The time has come for a single pensions' regulator to ensure better and fairer incomes for people, National Association of Pension Funds chair Mark Hyde Harrison has said.
Speaking at the NAPF's annual conference in Manchester yesterday, his final address as the association's chair, Hyde Harrison said it was time to stop talking about a single regulator for pensions and simply get on with making it happen.
He said, with millions of workers being automatically enrolled into a workplace pension scheme and the inevitable increase in scrutiny of the quality of those schemes, regulation was a serious flaw in the current system.
'The mass defined contribution market brought about by auto-enrolment will mean that the current regulatory split of the market between The Pensions Regulator and the Financial Conduct Authority will become increasingly apparent - and increasingly unsustainable,' he told NAPF delegates.
'With pensions becoming an employer duty, and with the growth in the numbers in pensions, it can only be a matter of time before we move to a single regulator for pensions.
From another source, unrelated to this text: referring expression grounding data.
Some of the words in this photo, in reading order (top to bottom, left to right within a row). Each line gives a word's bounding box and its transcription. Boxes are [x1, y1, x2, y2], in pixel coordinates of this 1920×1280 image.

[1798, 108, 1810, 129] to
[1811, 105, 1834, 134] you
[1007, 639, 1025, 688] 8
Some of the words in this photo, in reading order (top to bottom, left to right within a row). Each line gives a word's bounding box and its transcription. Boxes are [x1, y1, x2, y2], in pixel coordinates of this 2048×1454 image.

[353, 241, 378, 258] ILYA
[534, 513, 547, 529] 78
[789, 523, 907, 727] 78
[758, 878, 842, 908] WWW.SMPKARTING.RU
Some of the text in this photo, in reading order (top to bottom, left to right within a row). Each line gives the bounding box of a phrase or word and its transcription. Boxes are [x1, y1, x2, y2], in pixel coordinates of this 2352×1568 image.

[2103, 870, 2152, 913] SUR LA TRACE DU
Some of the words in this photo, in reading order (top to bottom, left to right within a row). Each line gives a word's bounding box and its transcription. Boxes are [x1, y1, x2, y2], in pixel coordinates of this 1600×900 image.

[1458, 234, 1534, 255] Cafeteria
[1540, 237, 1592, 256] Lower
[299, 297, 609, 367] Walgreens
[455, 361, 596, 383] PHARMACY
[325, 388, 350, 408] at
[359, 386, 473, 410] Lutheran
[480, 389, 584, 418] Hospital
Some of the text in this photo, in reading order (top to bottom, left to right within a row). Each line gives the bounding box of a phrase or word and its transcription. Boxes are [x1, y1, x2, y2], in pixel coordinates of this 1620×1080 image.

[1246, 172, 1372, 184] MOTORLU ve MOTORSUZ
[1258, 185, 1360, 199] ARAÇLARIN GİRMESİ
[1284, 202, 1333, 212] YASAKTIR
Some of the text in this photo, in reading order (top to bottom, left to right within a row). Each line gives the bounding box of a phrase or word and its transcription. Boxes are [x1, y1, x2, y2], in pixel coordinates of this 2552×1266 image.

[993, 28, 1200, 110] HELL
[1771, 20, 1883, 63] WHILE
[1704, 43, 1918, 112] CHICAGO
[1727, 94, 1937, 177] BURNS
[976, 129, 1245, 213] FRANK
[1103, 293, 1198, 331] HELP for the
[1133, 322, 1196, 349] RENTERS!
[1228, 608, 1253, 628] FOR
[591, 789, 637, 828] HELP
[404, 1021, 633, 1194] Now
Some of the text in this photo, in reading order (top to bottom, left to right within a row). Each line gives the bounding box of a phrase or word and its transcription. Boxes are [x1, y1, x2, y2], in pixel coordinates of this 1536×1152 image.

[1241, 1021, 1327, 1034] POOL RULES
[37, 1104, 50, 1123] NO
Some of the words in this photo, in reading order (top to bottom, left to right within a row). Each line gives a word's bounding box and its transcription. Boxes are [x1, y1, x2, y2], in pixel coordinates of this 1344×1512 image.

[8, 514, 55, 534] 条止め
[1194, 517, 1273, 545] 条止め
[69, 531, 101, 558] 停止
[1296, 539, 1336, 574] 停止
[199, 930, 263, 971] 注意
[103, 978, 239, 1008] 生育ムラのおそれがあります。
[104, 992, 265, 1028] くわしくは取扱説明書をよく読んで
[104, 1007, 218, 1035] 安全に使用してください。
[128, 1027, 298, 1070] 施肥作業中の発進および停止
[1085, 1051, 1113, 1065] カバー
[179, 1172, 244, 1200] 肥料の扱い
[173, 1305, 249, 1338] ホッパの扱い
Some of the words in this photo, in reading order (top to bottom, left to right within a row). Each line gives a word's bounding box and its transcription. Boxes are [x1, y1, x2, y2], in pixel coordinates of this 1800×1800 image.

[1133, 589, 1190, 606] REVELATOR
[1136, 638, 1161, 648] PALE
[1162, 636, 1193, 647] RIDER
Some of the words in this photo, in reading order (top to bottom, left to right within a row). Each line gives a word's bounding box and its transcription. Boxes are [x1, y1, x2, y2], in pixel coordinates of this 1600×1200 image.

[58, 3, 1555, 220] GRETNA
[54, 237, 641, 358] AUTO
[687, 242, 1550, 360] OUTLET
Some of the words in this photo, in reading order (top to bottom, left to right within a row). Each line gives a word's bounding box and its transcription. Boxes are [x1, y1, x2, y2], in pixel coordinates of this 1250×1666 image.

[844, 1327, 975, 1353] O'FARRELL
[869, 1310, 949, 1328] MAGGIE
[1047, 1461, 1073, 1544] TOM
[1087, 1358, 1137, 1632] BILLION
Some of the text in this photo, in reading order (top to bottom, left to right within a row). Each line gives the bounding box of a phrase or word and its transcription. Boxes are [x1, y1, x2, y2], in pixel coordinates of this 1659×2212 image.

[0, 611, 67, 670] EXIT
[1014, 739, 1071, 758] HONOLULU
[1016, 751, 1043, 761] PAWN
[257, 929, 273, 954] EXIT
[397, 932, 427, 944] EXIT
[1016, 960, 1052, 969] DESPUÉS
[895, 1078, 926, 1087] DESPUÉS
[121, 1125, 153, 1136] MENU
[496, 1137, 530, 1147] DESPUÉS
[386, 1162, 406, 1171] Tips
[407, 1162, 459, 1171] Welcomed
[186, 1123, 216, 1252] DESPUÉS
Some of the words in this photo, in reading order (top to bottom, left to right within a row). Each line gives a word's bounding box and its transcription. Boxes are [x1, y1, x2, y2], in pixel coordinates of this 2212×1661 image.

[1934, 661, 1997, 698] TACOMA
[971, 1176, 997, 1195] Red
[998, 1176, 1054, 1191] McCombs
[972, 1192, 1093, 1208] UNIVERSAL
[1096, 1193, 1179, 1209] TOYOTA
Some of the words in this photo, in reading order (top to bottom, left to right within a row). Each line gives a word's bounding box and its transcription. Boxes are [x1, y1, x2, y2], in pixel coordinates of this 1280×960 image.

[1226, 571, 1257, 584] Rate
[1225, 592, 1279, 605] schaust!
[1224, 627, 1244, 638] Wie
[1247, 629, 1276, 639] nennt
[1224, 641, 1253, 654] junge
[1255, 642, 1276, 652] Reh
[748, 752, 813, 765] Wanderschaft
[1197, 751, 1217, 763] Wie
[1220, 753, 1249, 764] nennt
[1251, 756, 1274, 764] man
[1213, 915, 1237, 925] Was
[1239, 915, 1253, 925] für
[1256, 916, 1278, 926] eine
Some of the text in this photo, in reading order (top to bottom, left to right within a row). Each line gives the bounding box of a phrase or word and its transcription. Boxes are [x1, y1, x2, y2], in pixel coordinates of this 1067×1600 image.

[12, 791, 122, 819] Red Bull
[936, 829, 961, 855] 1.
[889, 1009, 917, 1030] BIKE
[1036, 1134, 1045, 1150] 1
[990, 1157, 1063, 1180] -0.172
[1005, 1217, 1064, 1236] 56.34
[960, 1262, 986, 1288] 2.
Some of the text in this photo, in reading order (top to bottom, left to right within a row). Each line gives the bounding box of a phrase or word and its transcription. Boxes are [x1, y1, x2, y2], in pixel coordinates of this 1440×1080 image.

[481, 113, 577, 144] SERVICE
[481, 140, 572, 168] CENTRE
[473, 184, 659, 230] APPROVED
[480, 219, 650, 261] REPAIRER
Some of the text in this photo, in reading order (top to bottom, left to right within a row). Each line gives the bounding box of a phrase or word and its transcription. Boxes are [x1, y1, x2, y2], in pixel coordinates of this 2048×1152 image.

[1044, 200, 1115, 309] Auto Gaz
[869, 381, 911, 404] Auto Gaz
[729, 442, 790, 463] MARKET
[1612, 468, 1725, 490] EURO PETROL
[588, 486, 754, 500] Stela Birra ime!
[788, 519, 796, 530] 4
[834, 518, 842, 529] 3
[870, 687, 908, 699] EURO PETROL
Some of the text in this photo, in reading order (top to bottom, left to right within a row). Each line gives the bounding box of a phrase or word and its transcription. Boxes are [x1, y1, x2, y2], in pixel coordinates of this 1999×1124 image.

We've been saying this for some time - and we're not alone - but we do need to have this debate quite openly now.'
Hyde Harrison said the shift would not be easy but the issue must not be 'dodged'.
'The priority has to be ensuring better and fairer pensions for people. We need the right regulatory environment to help us achieve that,' he said.
Hyde Harrison also cautioned against any breakdown in the political consensus on pensions. This has helped strengthen the message that 'soft compulsion, with employers and employees chipping in, is the right medicine', he said.
He warned that any attempts to 'play around with' pensions tax or to suggest that smaller businesses will not have to auto-enrol at all would be disastrous.
There was also a clear message for the European Commission on the solvency proposals in the new Institutions for Occupational Retirement Provision (IORP) directive.
The EC must 'stop dealing with the past and focus on the 60% of Europe's citizens who have no access at all to a workplace pension', advised Hyde Harrison.